Top of Information given
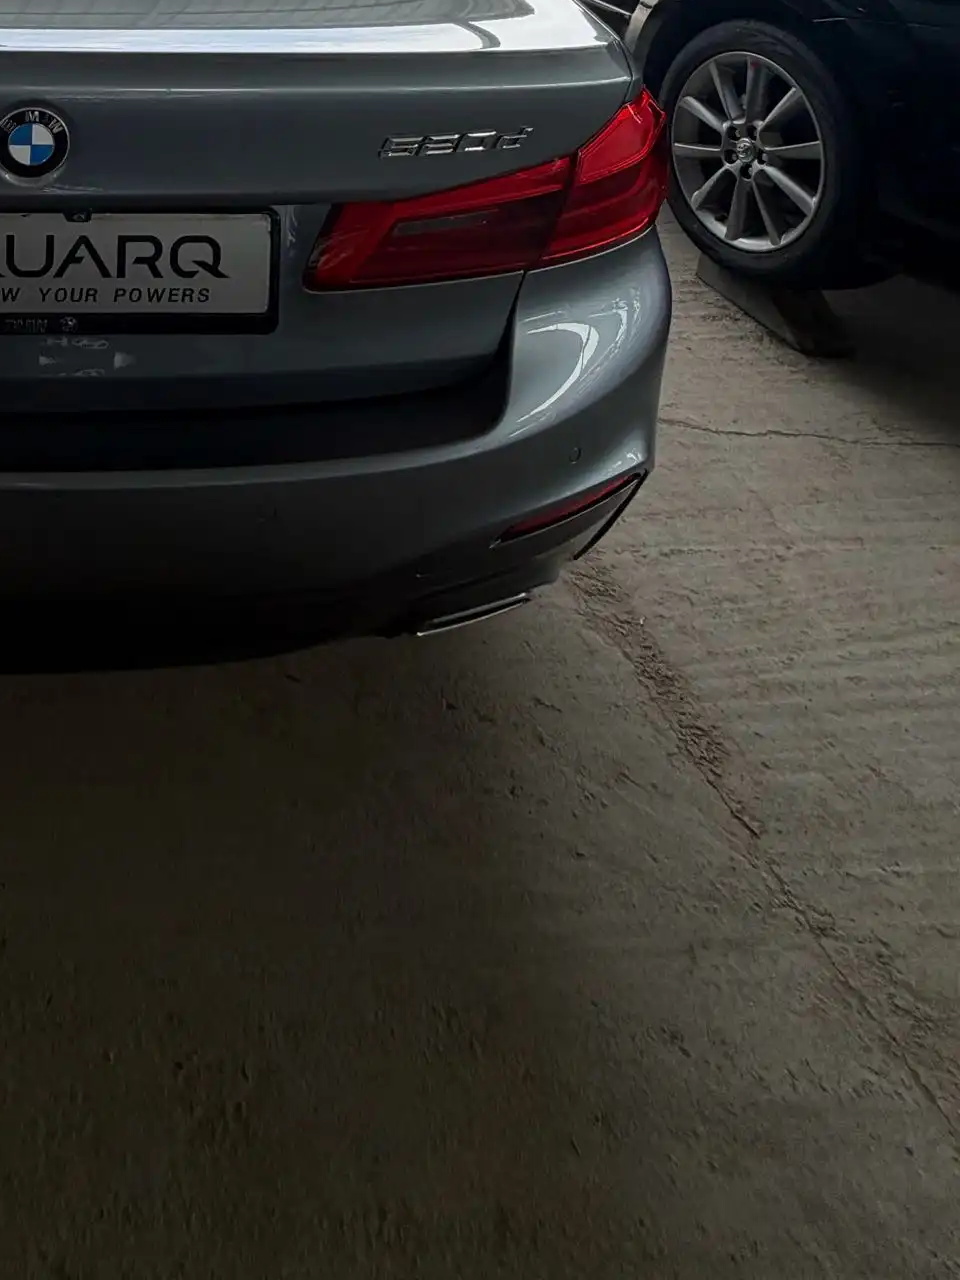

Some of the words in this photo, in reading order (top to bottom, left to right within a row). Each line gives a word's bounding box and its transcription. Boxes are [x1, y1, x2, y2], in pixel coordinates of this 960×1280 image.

[0, 111, 64, 134] BMW
[39, 287, 99, 303] YOUR
[113, 287, 211, 303] POWERS
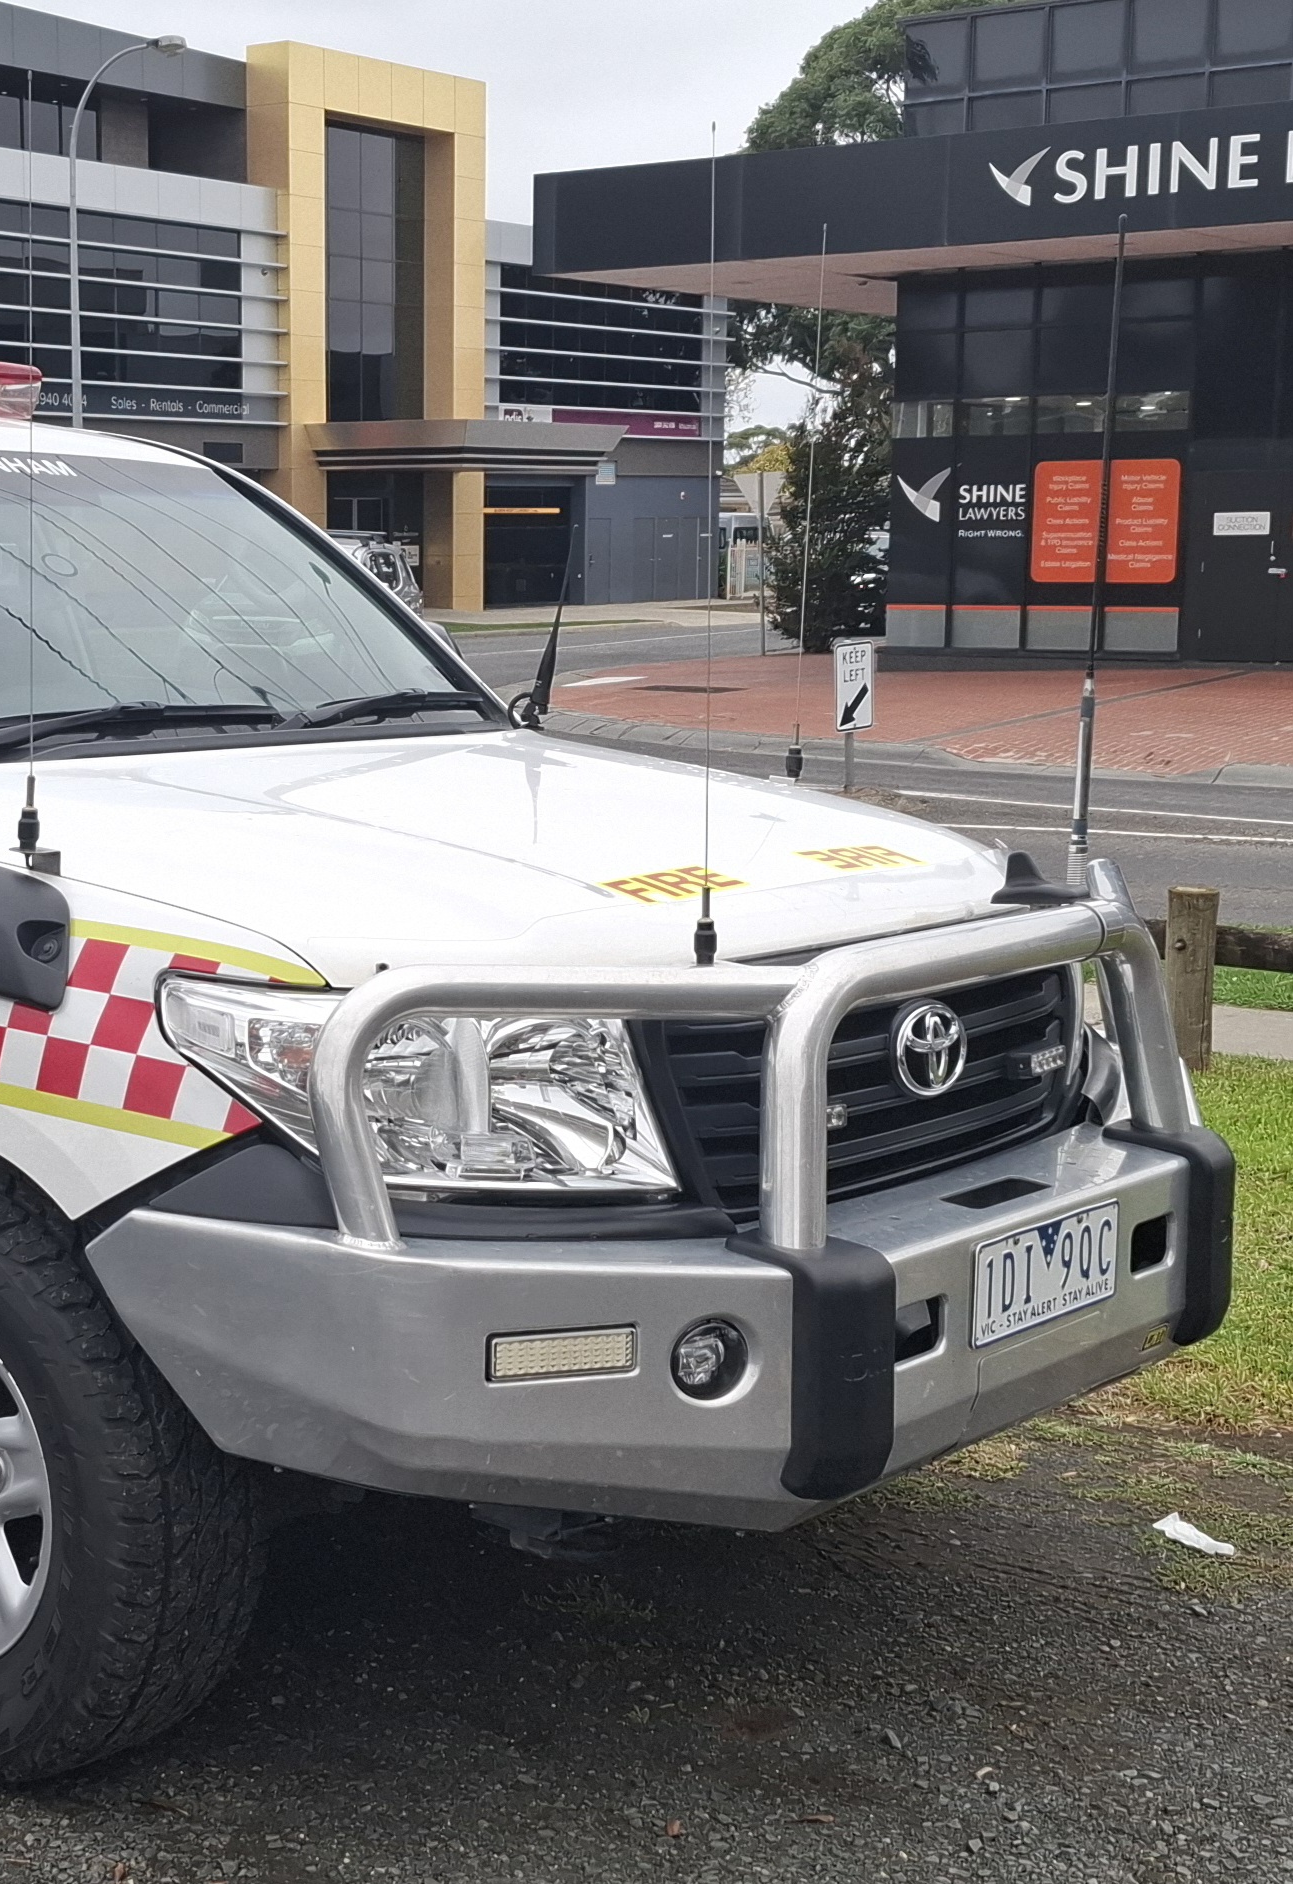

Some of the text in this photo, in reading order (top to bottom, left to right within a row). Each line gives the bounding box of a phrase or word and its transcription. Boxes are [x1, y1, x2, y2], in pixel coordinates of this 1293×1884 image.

[1053, 133, 1261, 204] SHINE
[36, 392, 59, 406] 940
[111, 396, 137, 410] Sales
[150, 398, 184, 412] Rentals
[196, 401, 250, 414] Commercial
[959, 484, 1027, 504] SHINE
[959, 506, 1025, 520] LAWYERS
[843, 650, 866, 665] KEEP
[843, 668, 865, 683] LEFT
[599, 866, 746, 903] FIRE
[980, 1319, 996, 1338] VIC
[1006, 1308, 1029, 1328] STAY
[1031, 1298, 1057, 1318] ALERT
[1062, 1288, 1083, 1307] STAY
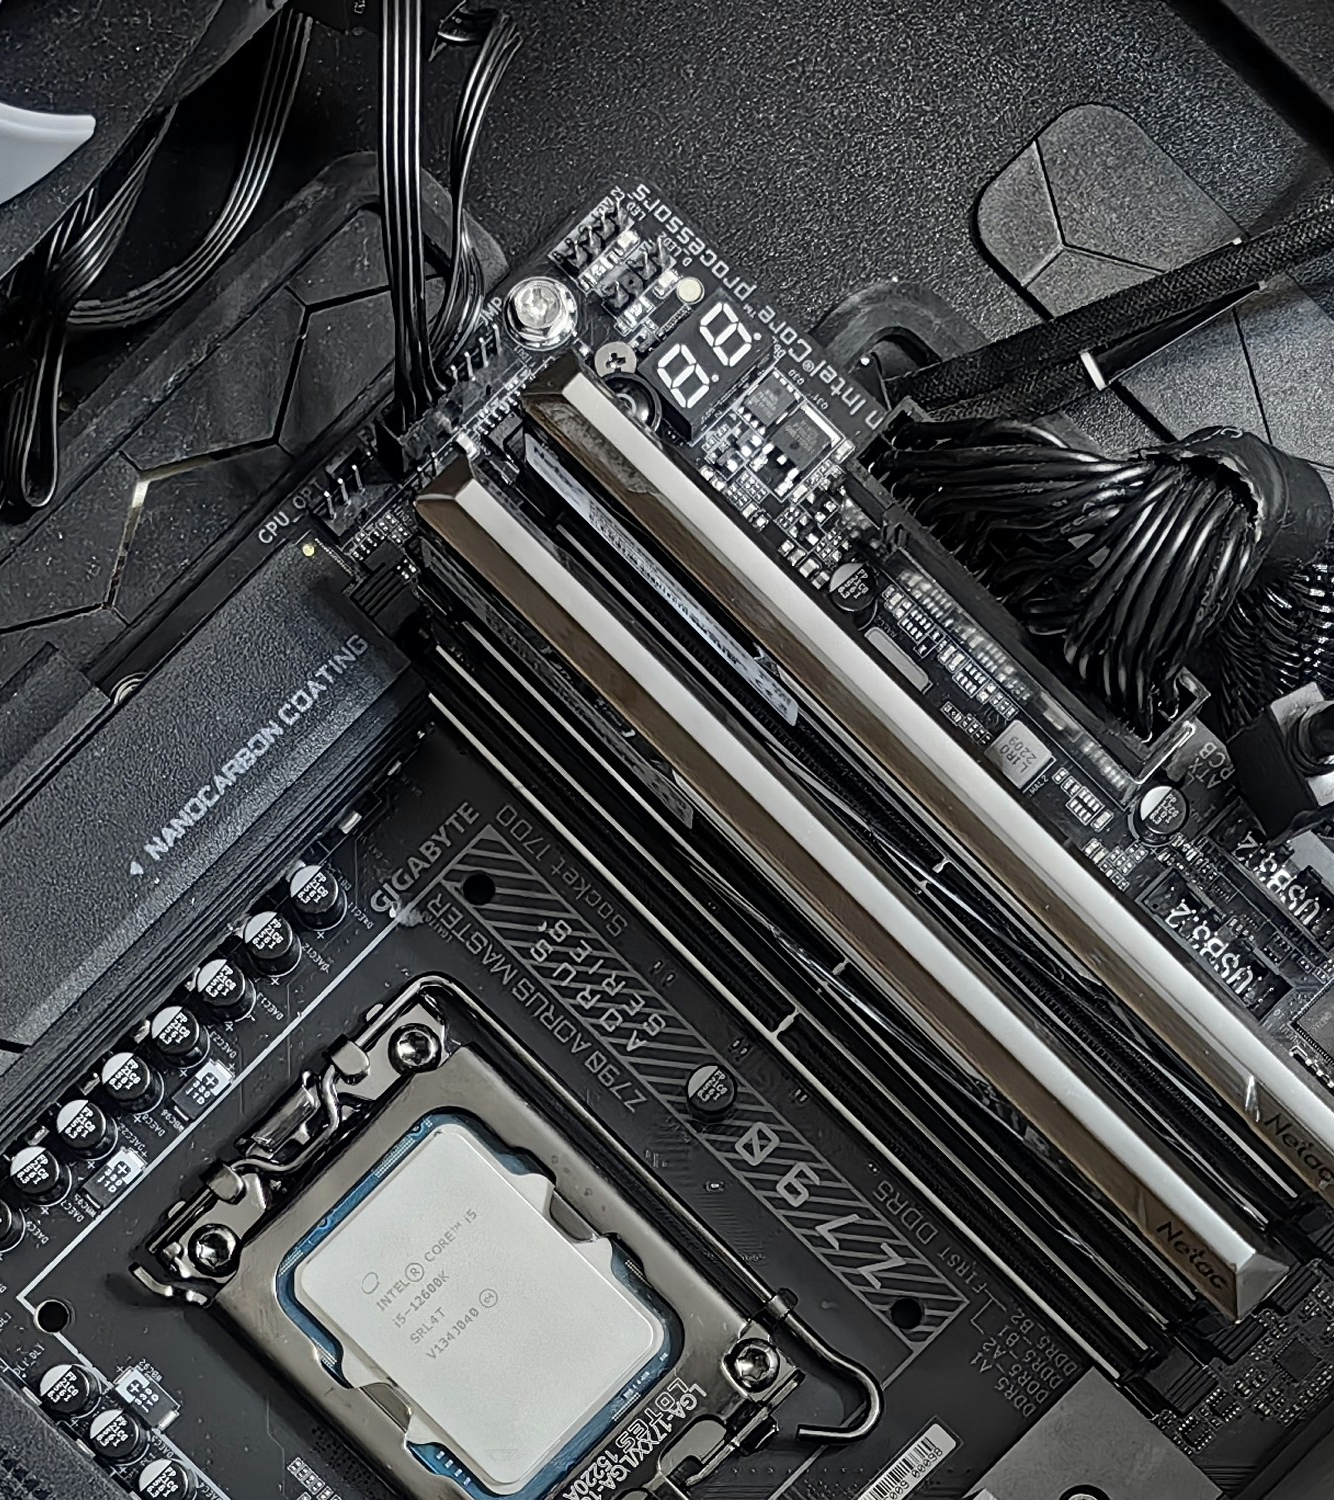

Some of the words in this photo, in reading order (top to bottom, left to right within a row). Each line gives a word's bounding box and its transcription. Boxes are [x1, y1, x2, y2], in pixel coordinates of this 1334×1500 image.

[626, 182, 756, 303] processors
[144, 721, 283, 860] NANOCARBON
[278, 634, 369, 726] COATING
[1008, 733, 1039, 768] 2209
[366, 800, 481, 916] GIGABYTE
[494, 803, 552, 860] 1700
[315, 872, 327, 884] FP
[547, 856, 629, 936] Socket
[270, 918, 282, 931] FP
[426, 892, 518, 985] MASTER
[221, 965, 233, 977] FP
[527, 936, 648, 1056] AORUS
[546, 918, 667, 1036] SERIES
[176, 1012, 188, 1025] FP
[510, 976, 591, 1056] AORUS
[126, 1059, 139, 1071] FP
[583, 1049, 647, 1113] Z790
[713, 1069, 725, 1081] FP
[36, 1154, 48, 1166] FP
[461, 1208, 477, 1224] i5
[734, 1122, 908, 1290] Z790
[872, 1178, 938, 1244] DDR5
[937, 1245, 987, 1293] FIRST
[1155, 1215, 1234, 1295] Netac
[391, 1269, 450, 1328] i5-12600K
[408, 1306, 446, 1344] SRL4T
[65, 1371, 77, 1383] FP
[967, 1347, 1039, 1419] DDR5_A1
[980, 1333, 1052, 1405] DDR5_A2
[996, 1321, 1066, 1391] DDR5_B1
[115, 1416, 127, 1428] FP
[613, 1376, 689, 1453] LOTES
[164, 1467, 177, 1479] FP
[910, 1446, 944, 1480] 00098
Bottom of Information given
**Exercise details**: If pictures appear in the data, omit them and copy all other parts exactly.

**Expected answer**:
Some of the words in this photo, in reading order (top to bottom, left to right within a row). Each line gives a word's bounding box and its transcription. Boxes are [x1, y1, x2, y2], in pixel coordinates of this 960×1280 image.

[0, 111, 64, 134] BMW
[39, 287, 99, 303] YOUR
[113, 287, 211, 303] POWERS

Some of the text in this photo, in reading order (top to bottom, left to right within a row). Each line gives the bounding box of a phrase or word and its transcription. Boxes are [x1, y1, x2, y2], in pixel coordinates of this 1293×1884 image.

[1053, 133, 1261, 204] SHINE
[36, 392, 59, 406] 940
[111, 396, 137, 410] Sales
[150, 398, 184, 412] Rentals
[196, 401, 250, 414] Commercial
[959, 484, 1027, 504] SHINE
[959, 506, 1025, 520] LAWYERS
[843, 650, 866, 665] KEEP
[843, 668, 865, 683] LEFT
[599, 866, 746, 903] FIRE
[980, 1319, 996, 1338] VIC
[1006, 1308, 1029, 1328] STAY
[1031, 1298, 1057, 1318] ALERT
[1062, 1288, 1083, 1307] STAY

Some of the words in this photo, in reading order (top to bottom, left to right within a row). Each line gives a word's bounding box and its transcription. Boxes are [x1, y1, x2, y2], in pixel coordinates of this 1334×1500 image.

[626, 182, 756, 303] processors
[144, 721, 283, 860] NANOCARBON
[278, 634, 369, 726] COATING
[1008, 733, 1039, 768] 2209
[366, 800, 481, 916] GIGABYTE
[494, 803, 552, 860] 1700
[315, 872, 327, 884] FP
[547, 856, 629, 936] Socket
[270, 918, 282, 931] FP
[426, 892, 518, 985] MASTER
[221, 965, 233, 977] FP
[527, 936, 648, 1056] AORUS
[546, 918, 667, 1036] SERIES
[176, 1012, 188, 1025] FP
[510, 976, 591, 1056] AORUS
[126, 1059, 139, 1071] FP
[583, 1049, 647, 1113] Z790
[713, 1069, 725, 1081] FP
[36, 1154, 48, 1166] FP
[461, 1208, 477, 1224] i5
[734, 1122, 908, 1290] Z790
[872, 1178, 938, 1244] DDR5
[937, 1245, 987, 1293] FIRST
[1155, 1215, 1234, 1295] Netac
[391, 1269, 450, 1328] i5-12600K
[408, 1306, 446, 1344] SRL4T
[65, 1371, 77, 1383] FP
[967, 1347, 1039, 1419] DDR5_A1
[980, 1333, 1052, 1405] DDR5_A2
[996, 1321, 1066, 1391] DDR5_B1
[115, 1416, 127, 1428] FP
[613, 1376, 689, 1453] LOTES
[164, 1467, 177, 1479] FP
[910, 1446, 944, 1480] 00098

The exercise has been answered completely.